UPDATE 2-U.S. natgas futures end up after hitting 10-year low

* Front month slips overnight to lowest since February 2002
    * Shorts opt to take profits after new low
    * Record-high inventories, production limit price gains
    * Coming up: API oil data Tuesday, EIA oil data Wednesday

 (Releads; adds quote, closing prices)	
    By Joe Silha	
    NEW YORK, April 9 (Reuters) - Front-month U.S. natural gas
futures ended higher on Monday in a seesaw session, lifted by
short covering after prices slid overnight to a new 10-year low
on growing concerns about record-high supplies.	
    Traders said a shot of cold this week stretching from the
Midwest to the East may have triggered some buying, but the
warmer outlook for next week helped limit the gains.	

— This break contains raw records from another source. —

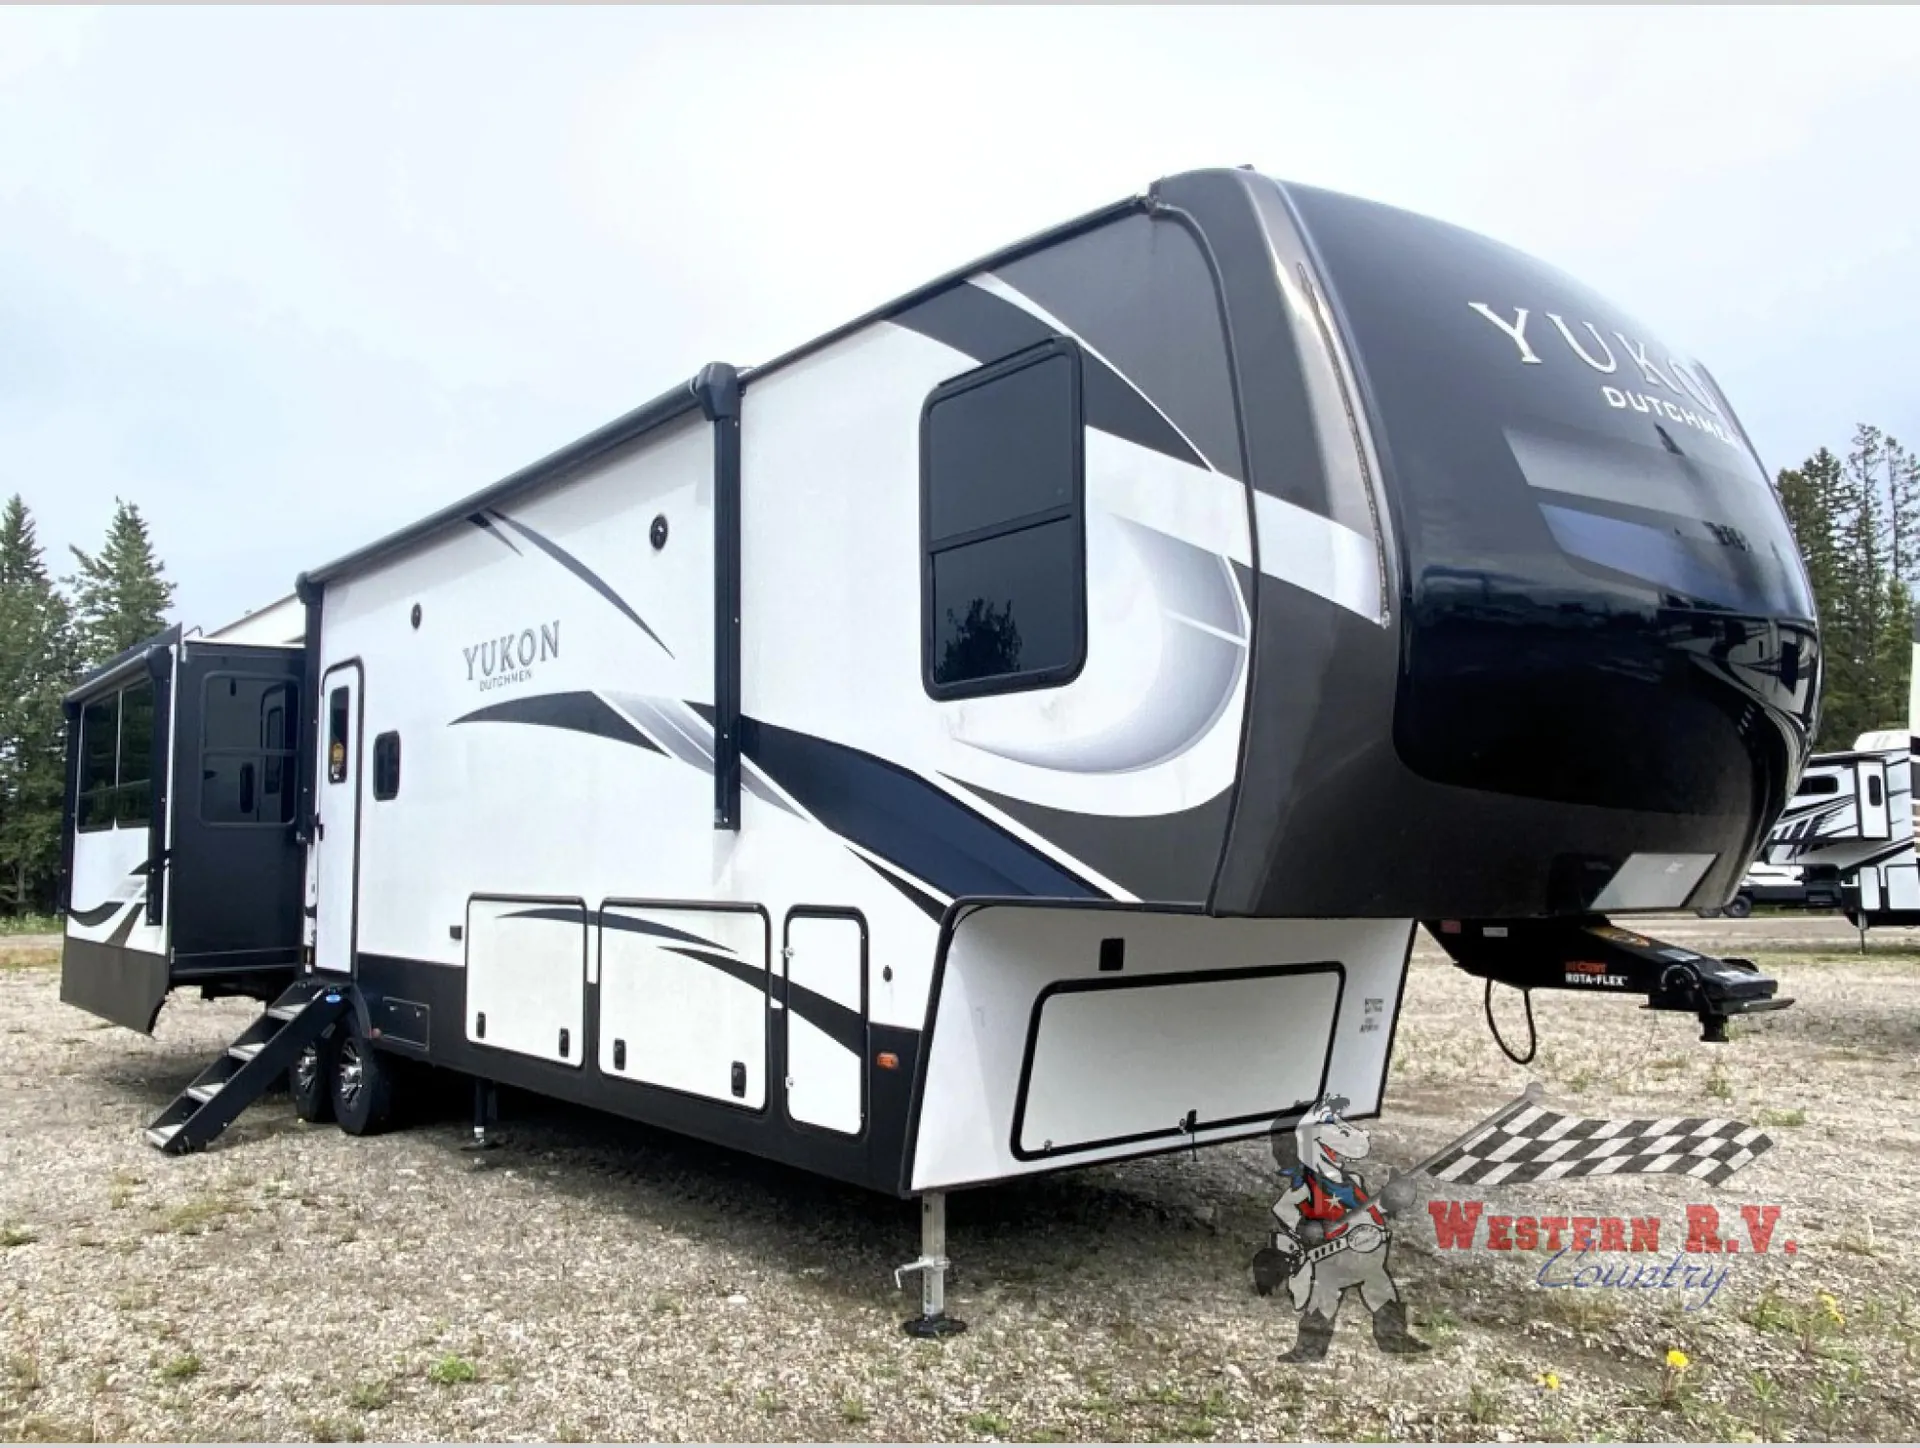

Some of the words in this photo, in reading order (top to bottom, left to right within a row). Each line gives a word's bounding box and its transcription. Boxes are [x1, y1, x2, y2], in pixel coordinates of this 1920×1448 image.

[1467, 301, 1720, 416] YUKO
[462, 619, 560, 681] YUKON
[479, 669, 532, 692] DUTCHMEN
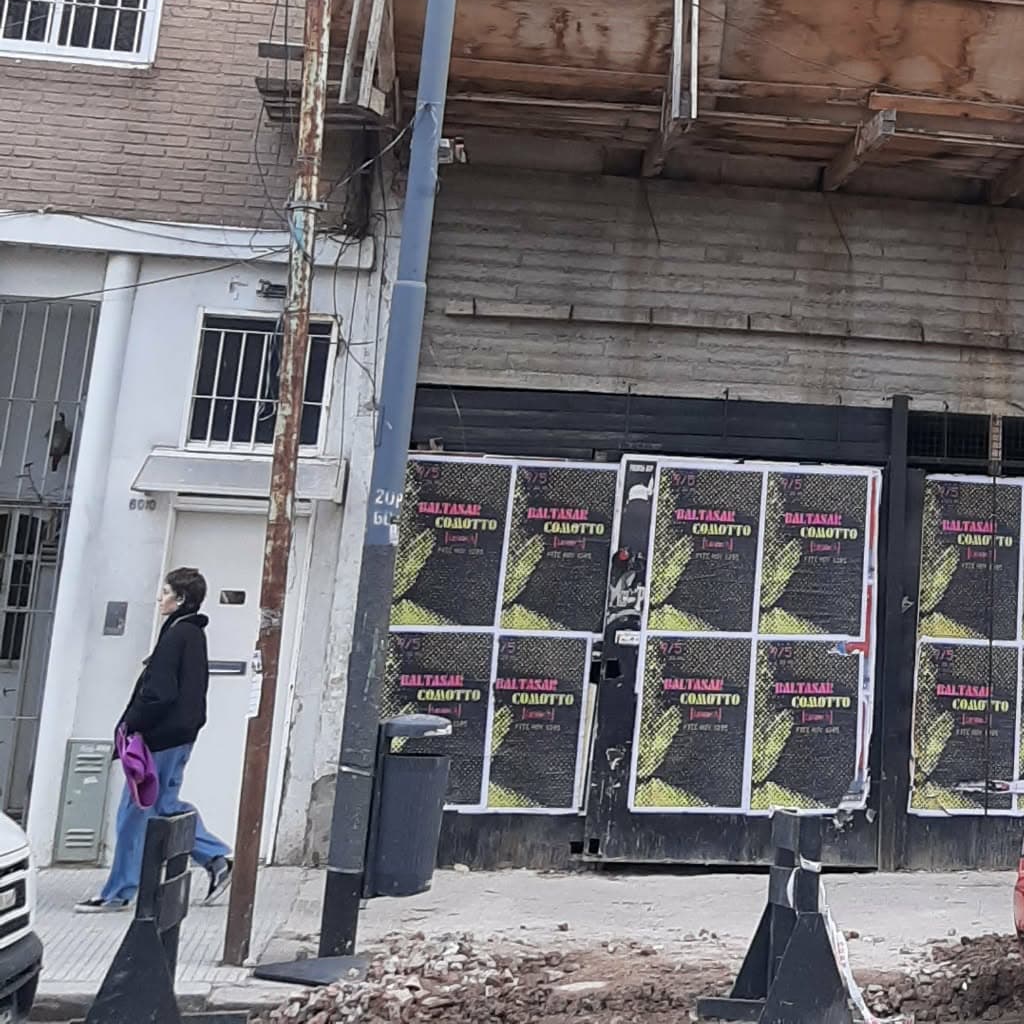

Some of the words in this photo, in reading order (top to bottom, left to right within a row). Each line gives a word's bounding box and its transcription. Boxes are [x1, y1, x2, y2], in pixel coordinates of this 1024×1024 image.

[418, 502, 481, 516] BALTASAR
[527, 507, 588, 521] BALTASAR
[676, 509, 735, 523] BALTASAR
[435, 517, 498, 531] COMOTTO
[784, 512, 842, 526] BALTASAR
[543, 521, 604, 535] COMOTTO
[692, 523, 751, 537] COMOTTO
[800, 526, 858, 539] COMOTTO
[957, 534, 1013, 547] COMOTO
[401, 673, 464, 687] BALTASAR
[496, 678, 559, 692] BALTASAR
[664, 678, 723, 692] BALTASAR
[417, 689, 481, 702] COMOTTO
[775, 682, 833, 695] BALTASAR
[512, 693, 574, 706] COMOTTO
[680, 693, 741, 706] COMOTTO
[791, 696, 851, 709] COMOTTO
[952, 698, 1009, 713] COMOTO

    Volume was fairly light after the long holiday weekend. New
York Mercantile Exchange floor and electronic trade was closed
on Friday for the Good Friday holiday.	
    The front-month gas futures contract on NYMEX
finished up 1.8 cents, or 0.9 percent, at $2.107 per million
British thermal units after slipping overnight to $2.061, the
lowest for the nearby contract since February 2002.	
    "There has been a bit of short covering as many participants
are expecting a less aggressive injection into inventory this
week after some unseasonably cold temperatures in parts of the
country (last week)," Energy Management Institute's Dominick
Chirichella said in a report.	
    But he added: "We are in the midst of a supply driven
imbalance in the market and the only thing that is going to
right the ship will be for a supply cut."	

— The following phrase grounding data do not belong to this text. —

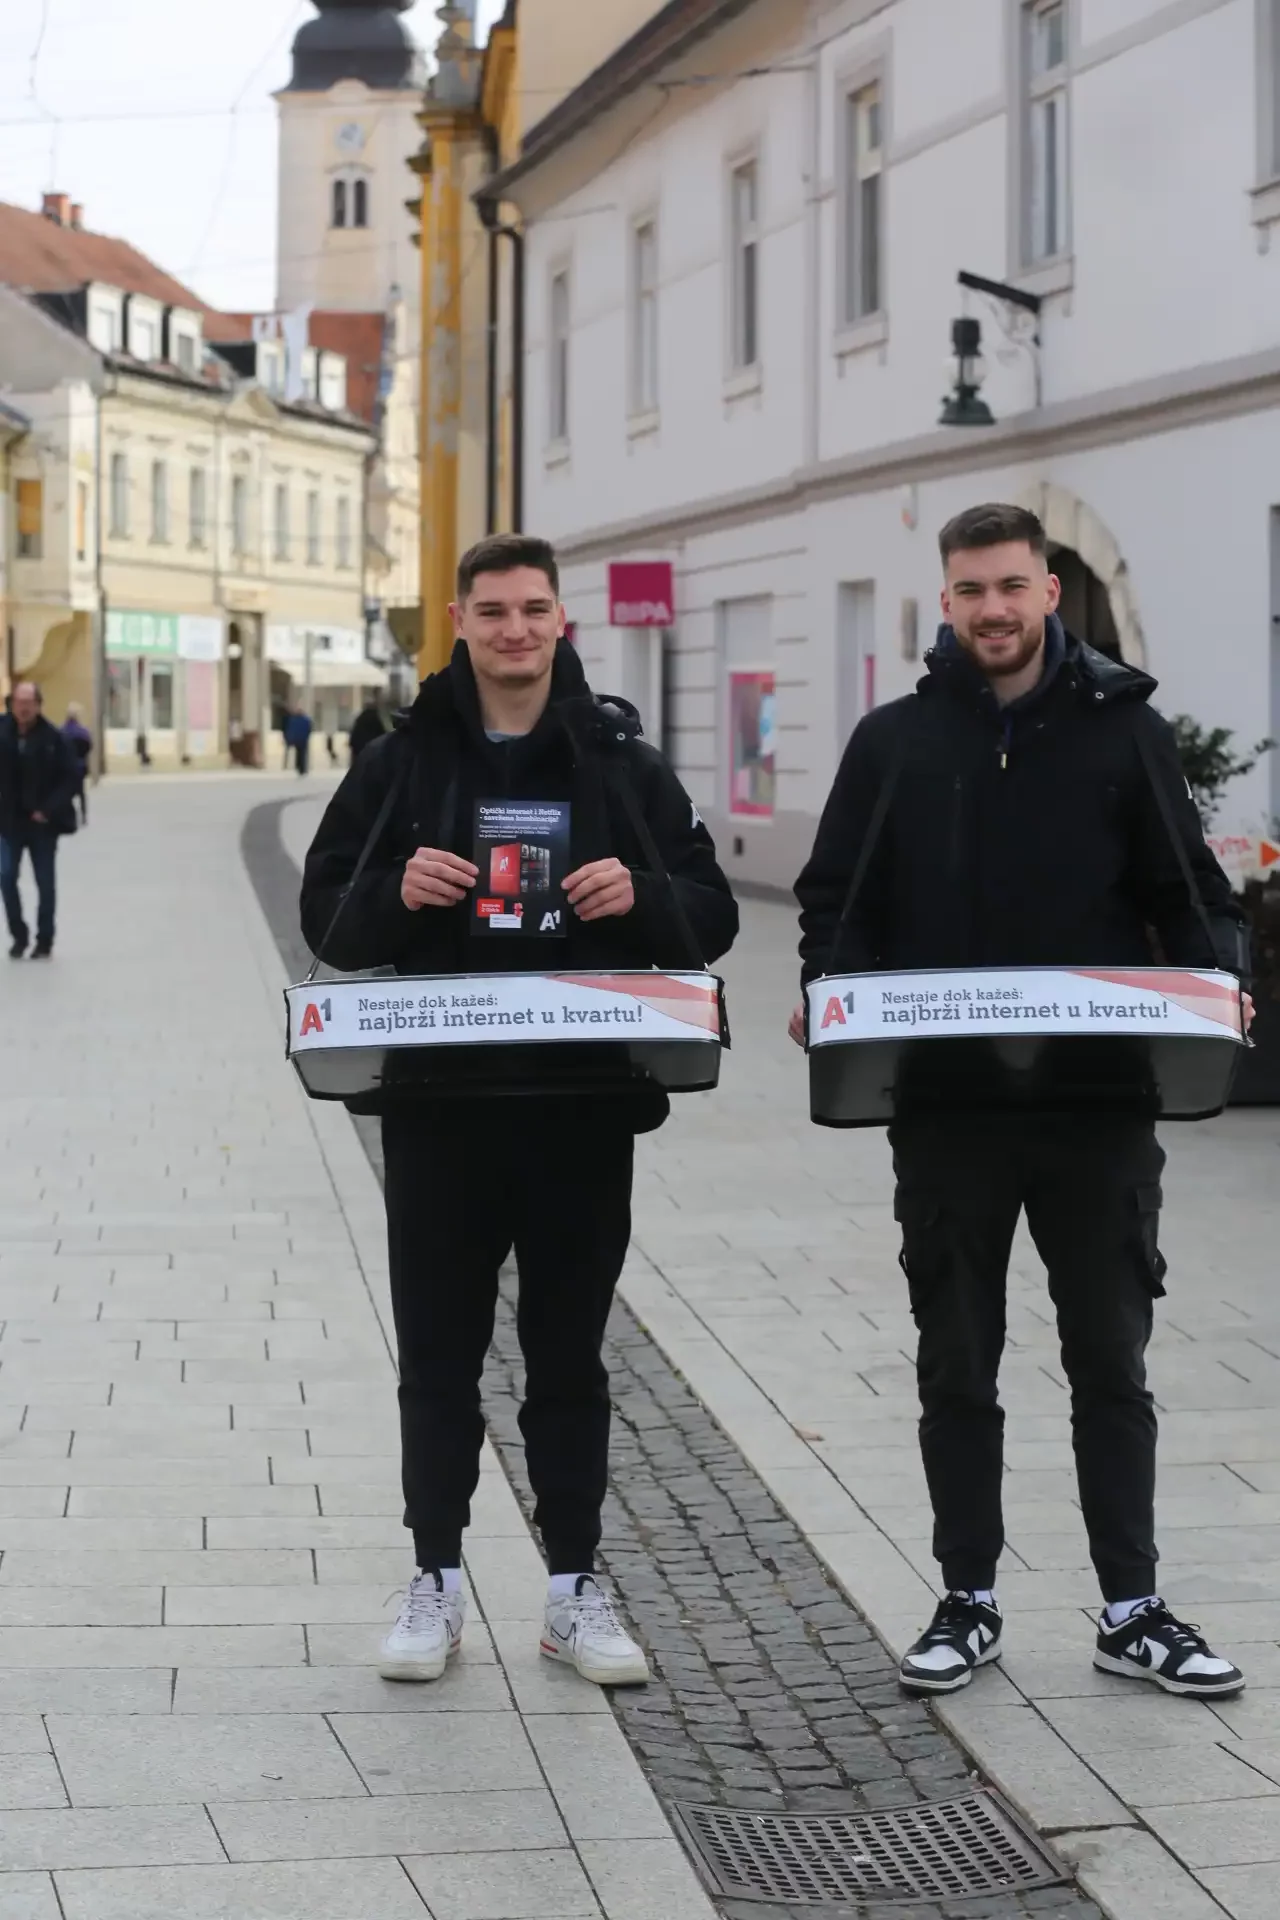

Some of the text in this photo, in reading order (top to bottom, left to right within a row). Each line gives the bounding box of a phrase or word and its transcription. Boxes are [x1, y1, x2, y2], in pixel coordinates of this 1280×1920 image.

[540, 909, 560, 931] A1
[358, 993, 498, 1012] Nestaje dok kažeš:
[882, 987, 1023, 1005] Nestaje dok kažeš:
[300, 998, 332, 1036] A1
[358, 1004, 643, 1034] najbrži internet u kvartu!
[820, 991, 855, 1029] A1
[882, 1000, 1168, 1026] najbrži internet u kvartu!

    The nearby contract, which tumbled 19 percent in March in
its biggest monthly drop since August 2010, has traded mostly
sideways so far this month, down less than 1 percent to date.	
    But a flurry of bearish data last week on storage,
production and drilling only reinforced expectations that more
downside was possible, particularly with no extreme heat or cold
on the horizon to boost demand.	
    Some traders noted that weather next week might be warm
enough to stir more cooling load, particularly in the South.	
    "A very warm (six- to 10-day) forecast is again on tap for
the eastern half of the U.S.," private forecaster MDA EarthSat
said in a report, noting that temperatures much above normal
were expected for several days from the Midwest eastward.    	
    Utilities typically build inventories from April through
October to help meet peak winter heating needs, but this year
storage injections started a couple of weeks early.	
    Data on Thursday from the U.S. Energy Information
Administration showed that domestic gas inventories rose by 42
billion cubic feet to 2.479 trillion cubic feet in the week to
March 30. 	
    It was the third build in 2012 and the second straight week
in which injections came in well above market expectations.
Traders and analysts polled by Reuters had expected a 34-bcf
    The increase drove stocks further into record territory for
this time of year and sharply widened the surplus to a year
earlier and the five-year average, which could provide the
biggest pressure on prices this year.	
    (Storage graphic: link.reuters.com/mup44s) 	
    Storage finished March near 2.5 tcf, about 60 percent, or
950 bcf, above normal and easily above the previous March 31
record of 2.148 tcf from 1983.    	
    The huge inventory overhang could drive prices lower this
spring as seasonal weather demand fades, then pressure prices
again later in the injection season if storage caverns fill to
capacity and force more gas into a well-supplied market.	
    Early injection estimates for Thursday's EIA report range
from 20 bcf to 45 bcf versus last year's adjusted build of 7 bcf
and the five-year average increase for that week of 22 bcf.	
    The gas-directed rig count has fallen in 12 of the last 13
weeks, sinking last week to its lowest in nearly 10 years,
according to data from Baker Hughes in Houston.	
    (Graphic on rigs vs prices: r.reuters.com/dyb62s)	
    The fairly steady drop in dry gas drilling this year - the
gas rig count is down 31 percent since peaking at 936 in
mid-October - had stirred expectations that low prices were
finally prompting producers to slow record gas output.	
    But the drop has yet to be reflected in pipeline flows,
which are still estimated to be at or near record highs,
primarily due to rising output from shale.    	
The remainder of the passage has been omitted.